WASHINGTON — U.S. border authorities stopped migrants more often on the southern border for a fourth straight month in May, apparently unaffected by expectations that pandemic-era limits on asylum may be lifted.

Migrants were stopped 239,416 times in May, up 2% from 235,478 in April and up 33% from 180,597 in May 2021, U.S. Customs and Border Protection said Wednesday.

Recent months are the busiest in decades, but comparisons to pre-pandemic levels are complicated because migrants expelled under a public health authority known as Title 42 face no legal consequences, encouraging repeat attempts. Authorities said 25% of encounters were with people who had been stopped at least once in the previous year, compared with 15% in the five years before COVID-19.
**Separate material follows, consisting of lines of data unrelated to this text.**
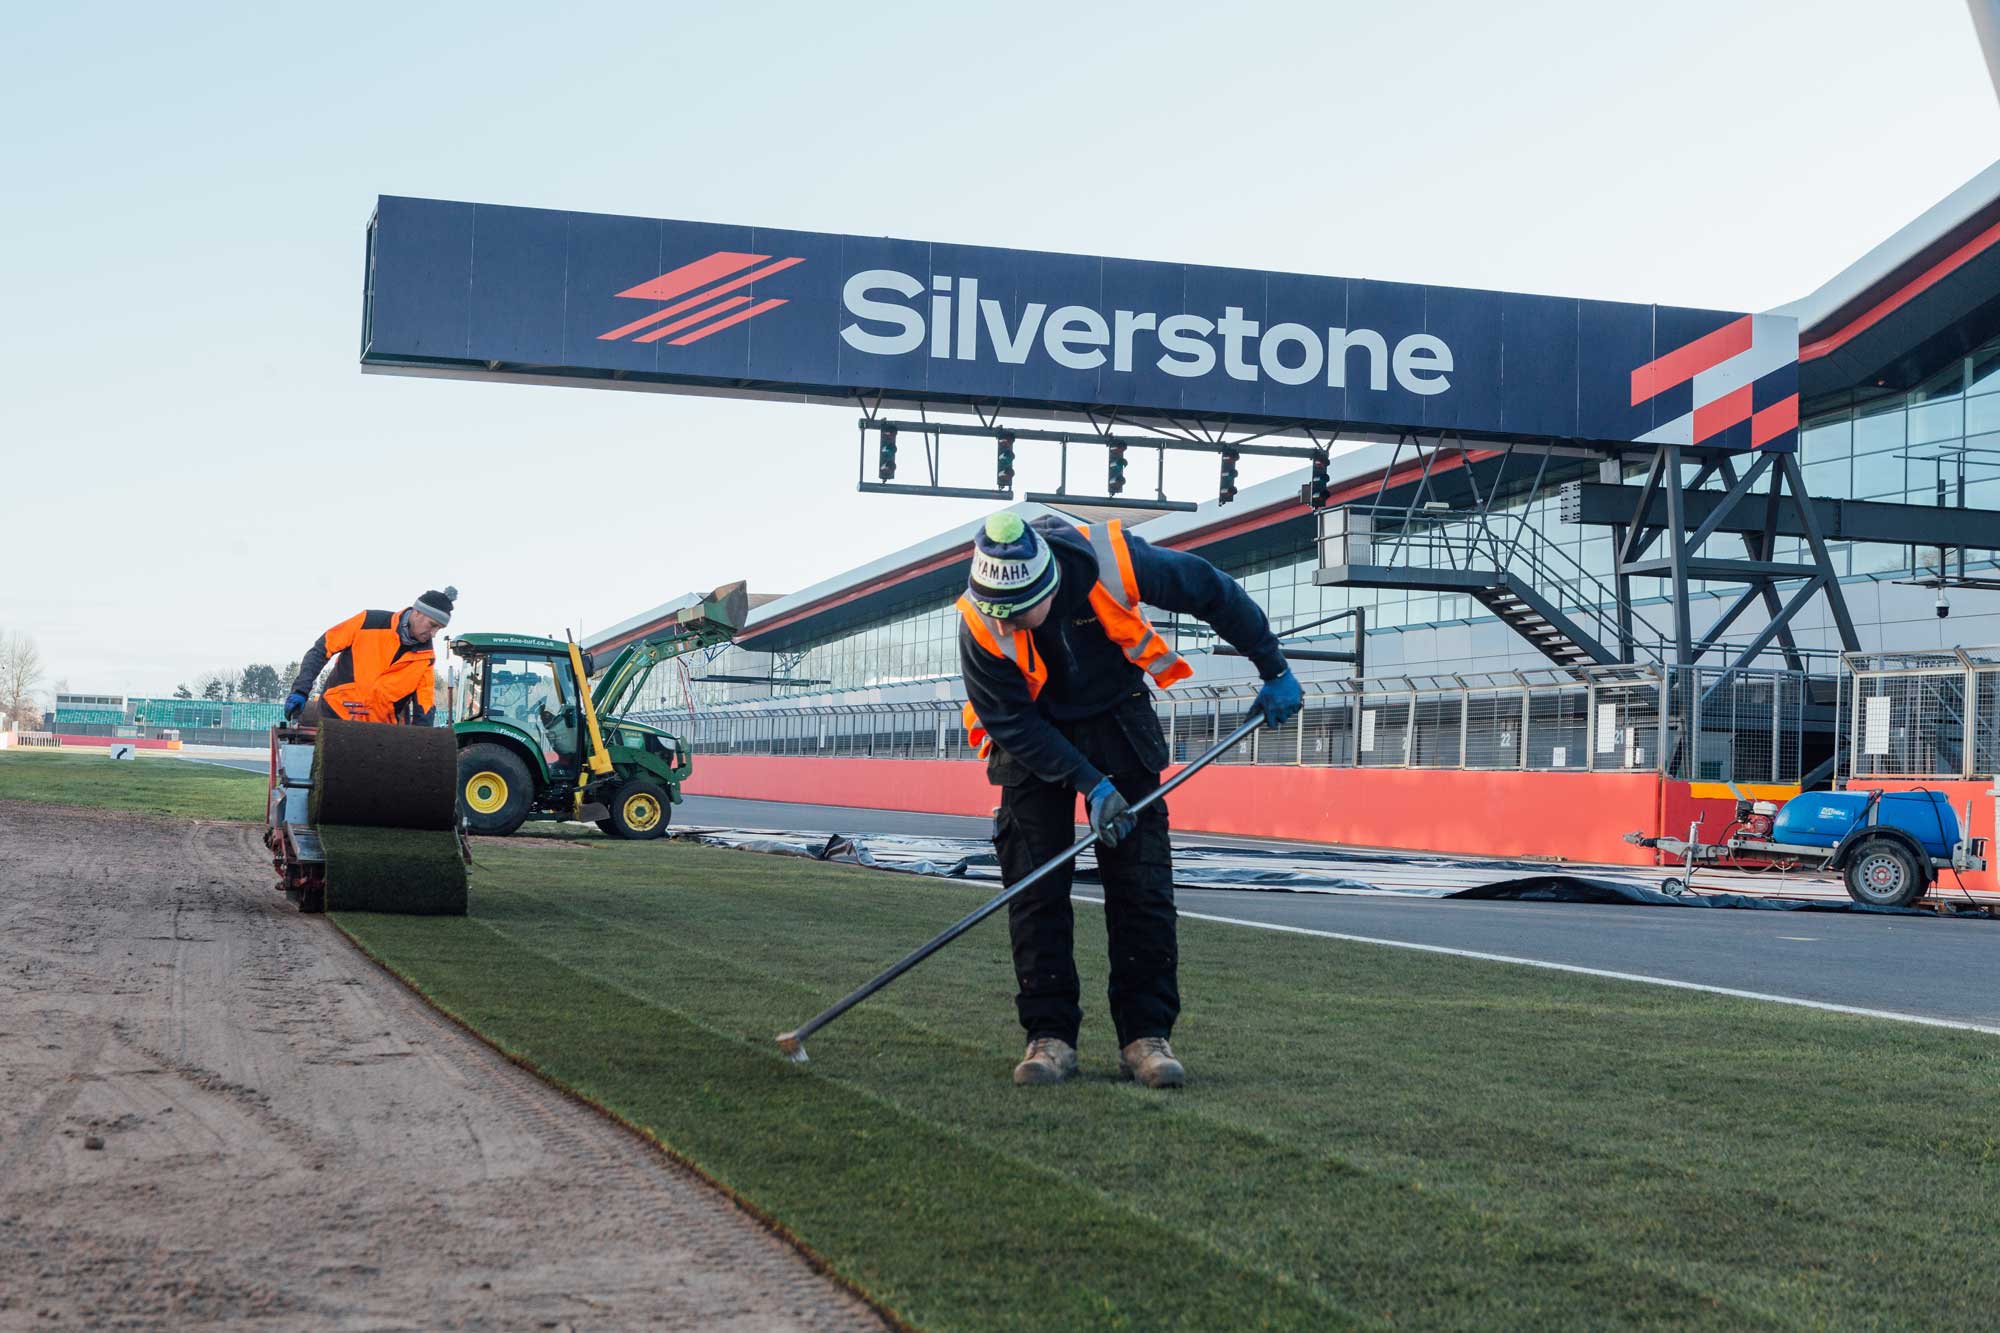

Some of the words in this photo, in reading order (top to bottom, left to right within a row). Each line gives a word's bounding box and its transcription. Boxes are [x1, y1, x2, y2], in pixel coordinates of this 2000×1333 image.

[840, 269, 1454, 395] Silverstone
[979, 560, 1029, 581] YAMAHA
[976, 601, 1013, 618] 46
[493, 637, 554, 647] www.fine-turf.co.uk
[1500, 733, 1511, 747] 22
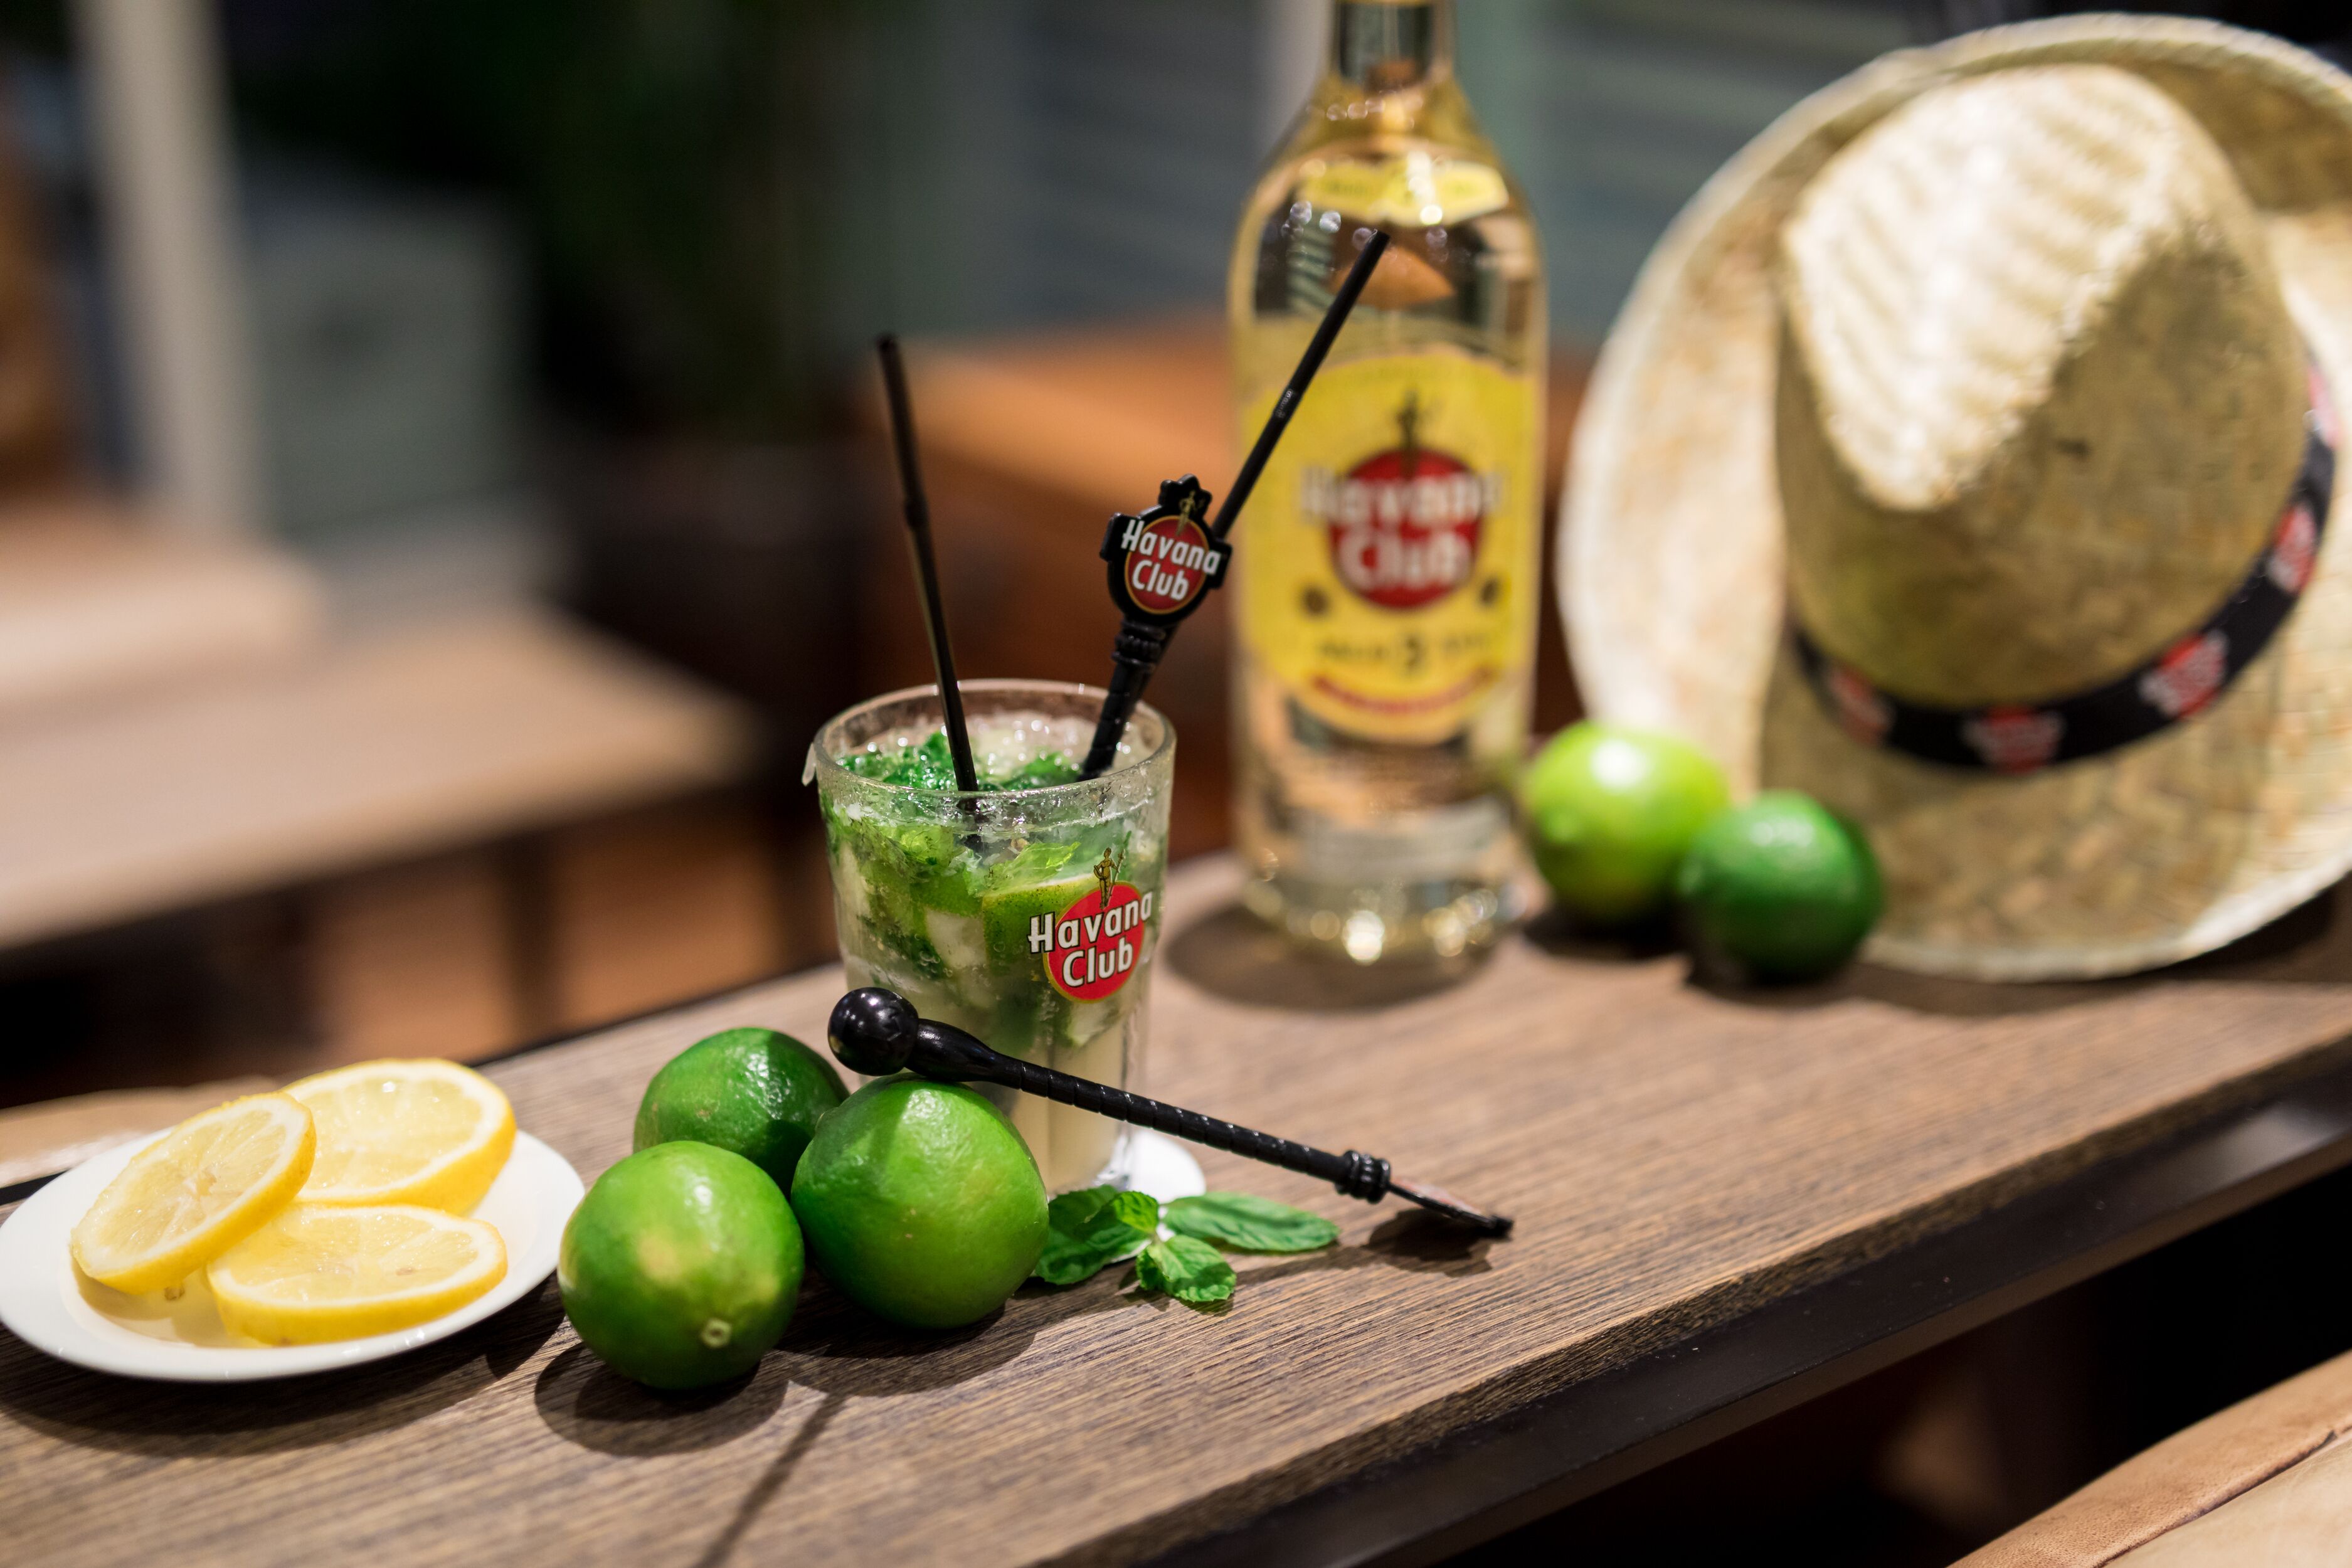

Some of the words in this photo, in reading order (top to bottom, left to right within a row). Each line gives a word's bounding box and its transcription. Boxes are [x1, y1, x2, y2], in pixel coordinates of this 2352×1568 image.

[1120, 519, 1221, 576] Havana
[1131, 559, 1189, 601] Club
[1027, 891, 1153, 955] Havana
[1062, 936, 1134, 988] Club
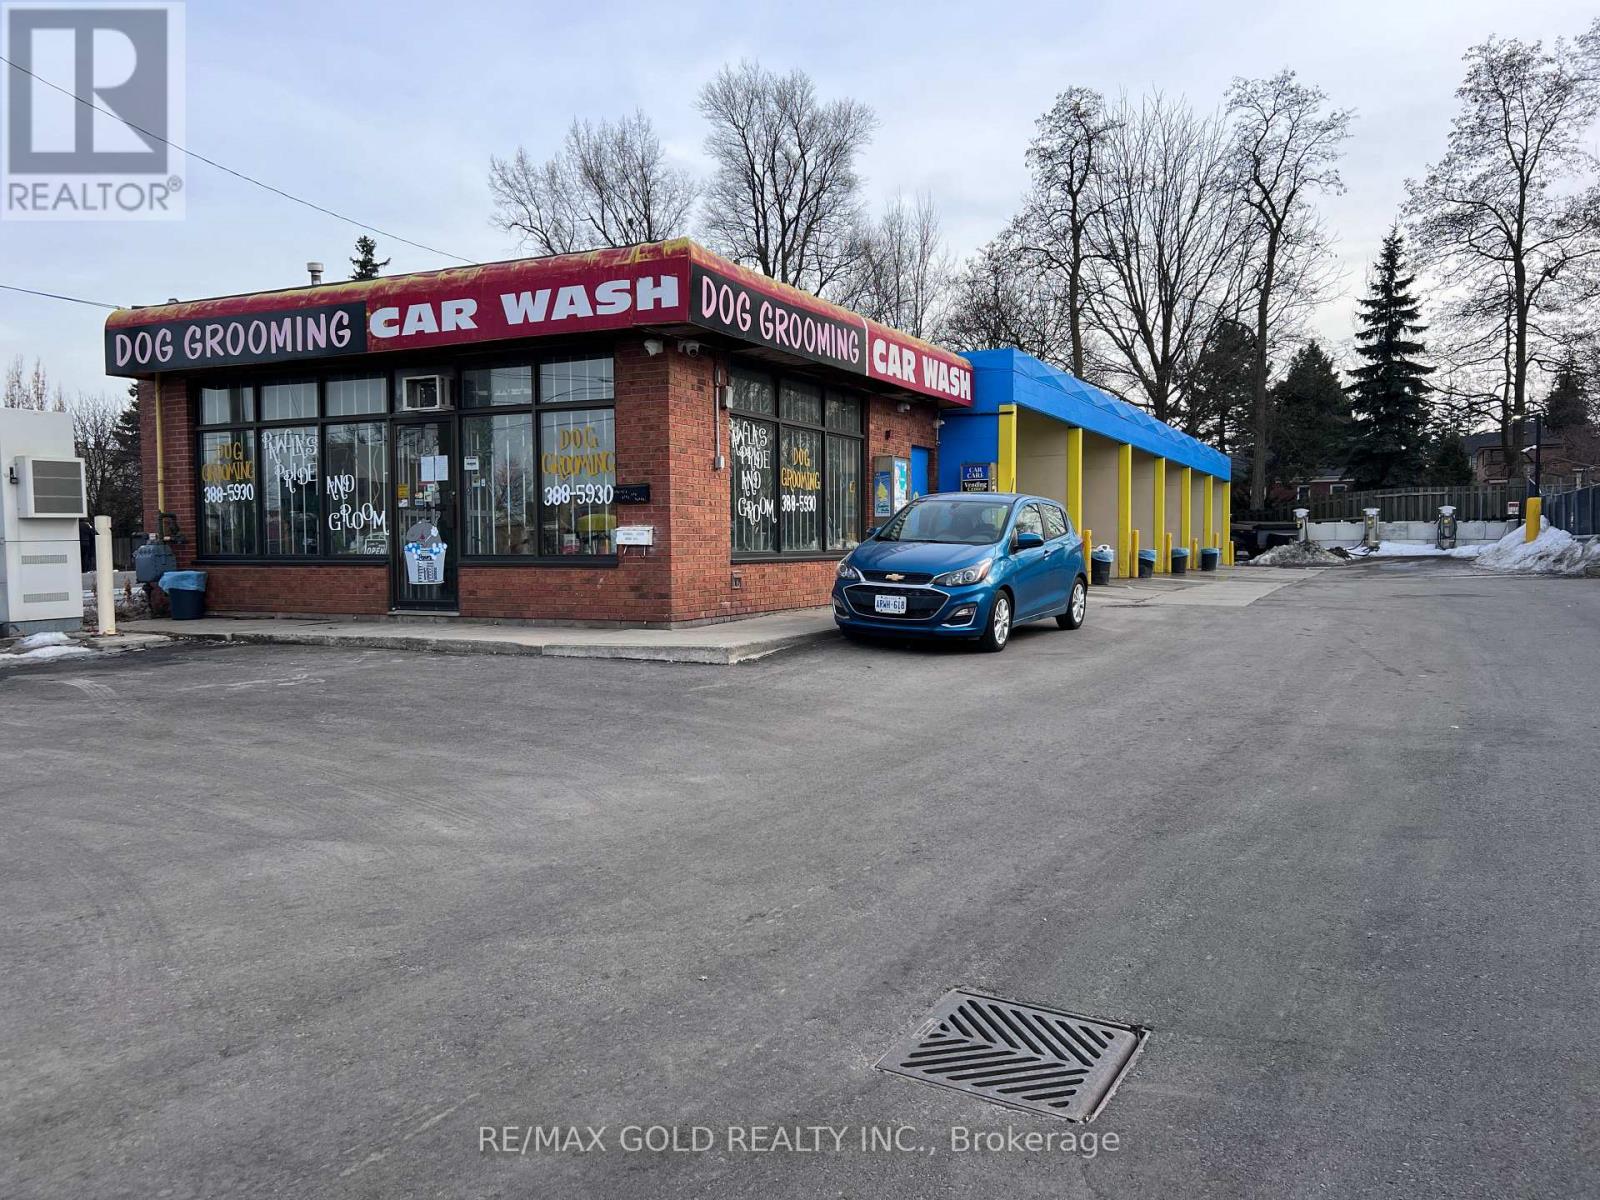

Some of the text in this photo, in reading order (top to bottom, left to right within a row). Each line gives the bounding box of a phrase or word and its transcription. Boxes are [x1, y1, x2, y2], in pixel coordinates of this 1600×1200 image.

[369, 274, 679, 338] CAR WASH
[701, 276, 860, 364] DOG GROOMING
[115, 310, 351, 367] DOG GROOMING
[873, 338, 972, 401] CAR WASH
[560, 426, 599, 450] DOG
[542, 451, 616, 480] GROOMING
[739, 446, 771, 471] PRIDE
[792, 447, 810, 467] DOG
[274, 462, 319, 494] PRIDE
[326, 474, 355, 500] AND
[741, 470, 762, 496] AND
[781, 467, 821, 491] GROOMING
[204, 483, 254, 503] 388-5930
[544, 484, 614, 506] 388-5930
[781, 494, 817, 512] 388-5930
[328, 502, 390, 535] GROOM
[738, 497, 778, 526] GROOM
The Biden administration planned to end Title 42 on May 23 but a federal judge in Louisiana blocked the move three days before. Migrants have been expelled more than 2 million times without a chance to seek asylum since the rule took effect in March 2020.

More than four of 10 encounters in May were subject to the pandemic rule, nearly all single adults. Only about one of six who came in families with children under 18 were subject to Title 42. Unaccompanied children are exempt.

The increased arrivals encompassed many nationalities, even as Ukrainians all but vanished after more than 20,000 came through Mexico in April. The administration said in late April that Ukrainians who traveled through Mexico would no longer be admitted at the U.S. border.

In addition to Mexicans, Mexico takes back people from Guatemala, Honduras and El Salvador who are expelled under Title 42. Costs, strained diplomatic relations and other considerations make it more difficult for the U.S. to expel migrants from other countries.

Cubans, who are rarely processed under Title 42, were the second-largest nationality encountered at the border after Mexicans. There were also many arrivals from Colombia, Haiti and Nicaragua.